In addition, Jennifer B. Clark, age 38, was elected as a Senior Vice
President of the Company. Ms. Clark is a Vice President of REIT Management and
Research, Inc., the investment advisor and property manager to the Company. From
October 1994 through July 1999 Ms. Clark was a partner, and prior to October
1994, an associate, of the Boston law firm of Sullivan & Worcester LLP. Ms.
Clark will be primarily responsible for leasing the Company's office properties.
(b) Possible Sale of Properties and Share Buy Back Program
The Company has decided to explore the possible sale of up to ten of
its office properties containing approximately 900,000 square feet. Negotiations
for the sale of some of these properties have begun on a preliminary basis and
the Company intends to select brokers to market the other properties in early
2000. If all of these properties are sold, the Company currently expects the
aggregate proceeds to be approximately $150 to $160 million. There is no
assurance, however, that these sales will occur, or if they occur when or at
what price and on what terms they will occur.
In addition, the Company has commenced discussions regarding two
separate joint ventures in which part interests in some of its larger properties
may be sold to investors.

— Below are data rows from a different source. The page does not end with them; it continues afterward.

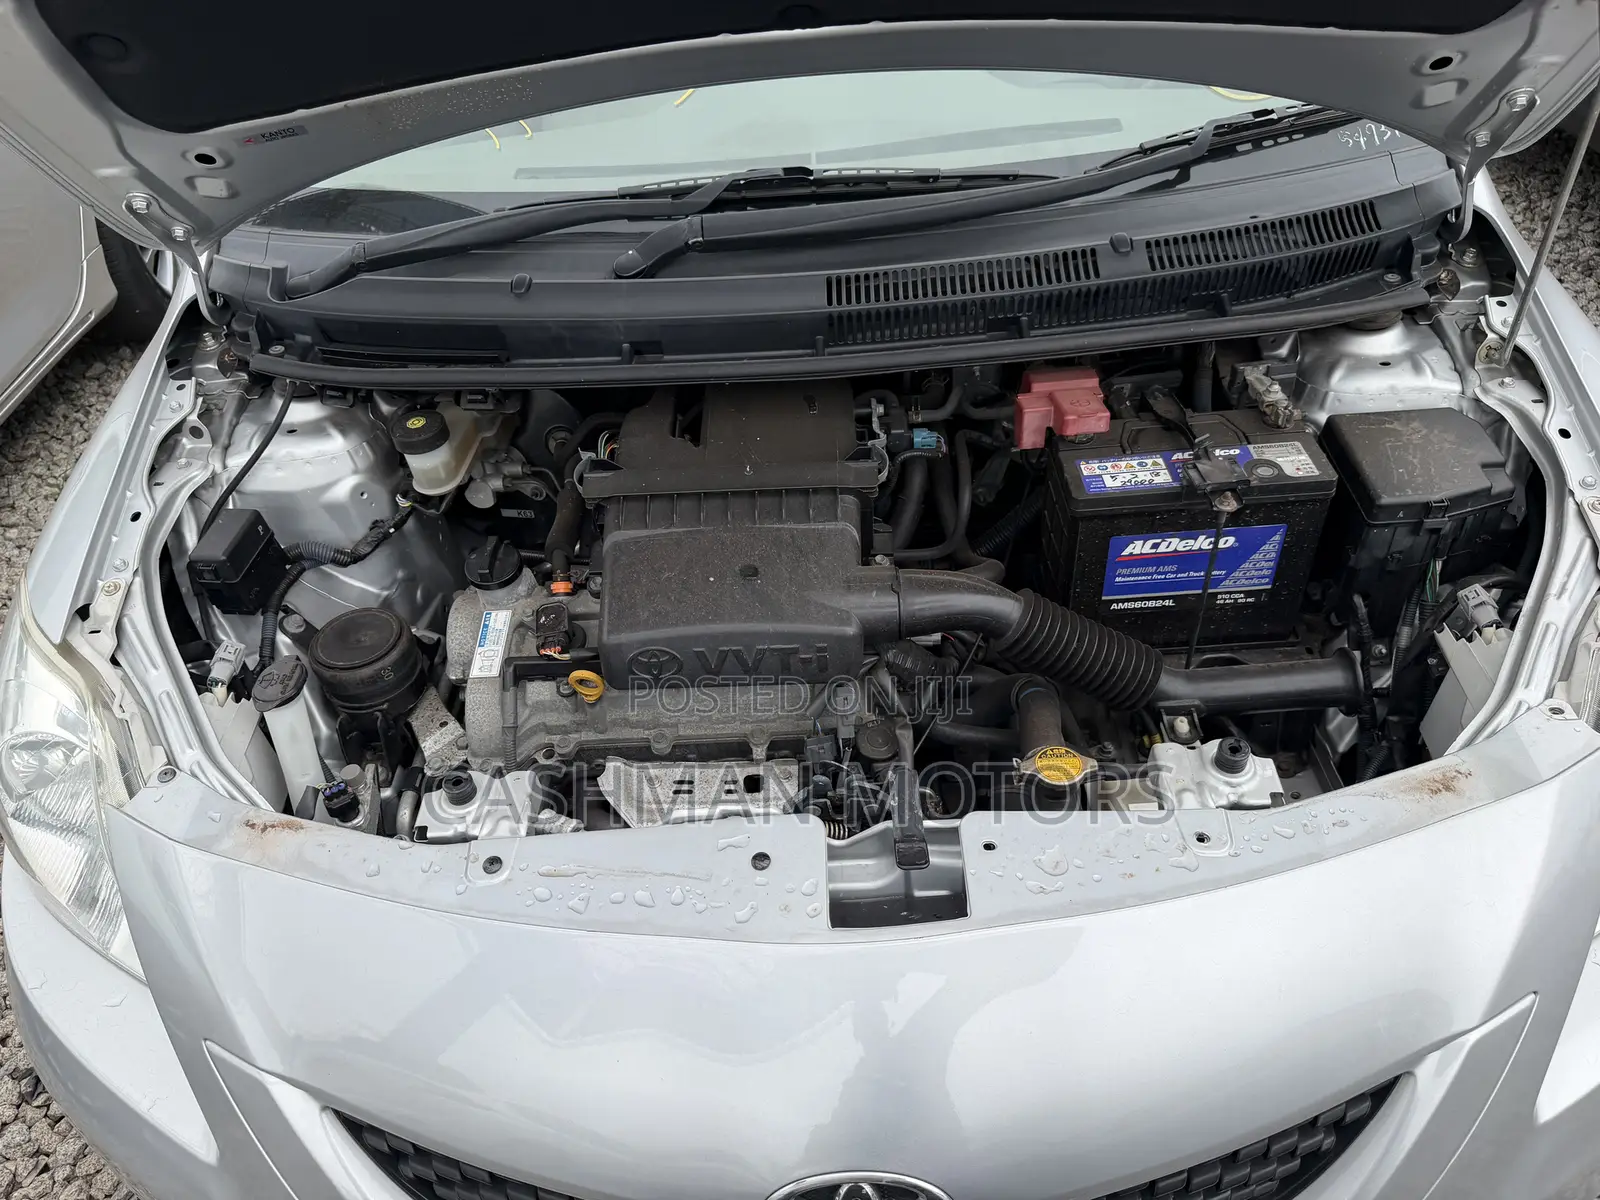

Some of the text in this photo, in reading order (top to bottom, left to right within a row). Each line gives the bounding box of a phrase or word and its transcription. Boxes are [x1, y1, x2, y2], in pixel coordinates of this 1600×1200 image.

[260, 127, 295, 139] KANTO
[1120, 535, 1237, 556] ACDelco
[1115, 564, 1178, 576] PREMIUM AMS
[1114, 574, 1152, 582] Maintenance
[1110, 599, 1176, 610] AMS60B24L
[692, 643, 829, 674] VVT-i

The discussions are currently in the preliminary
stages, and the Company has not disclosed the identity of the properties
involved or the possible joint venture partners at this time. If these joint
ventures are successfully concluded, the Company based on the preliminary
discussions would expect to realize between $200 million and $400 million in
aggregate net proceeds for both transactions. There is no assurance however that
these joint ventures will occur, or if they occur when or at what price and on
what terms they will occur
If the above described dispositions do occur, the Company expects to
use the net proceeds to prepay debt, to selectively purchase new investments and
to fund the share buy back program described below.
The Company's Board of Trustees recently authorized a share buy back
program for up to ten per cent of its fully diluted common shares outstanding,
or approximately 14 million common shares. Under the program, if commenced,
shares would be purchased in open market transactions or in privately negotiated
transactions during the calendar year 2000 at prices acceptable to the Company
in its discretion.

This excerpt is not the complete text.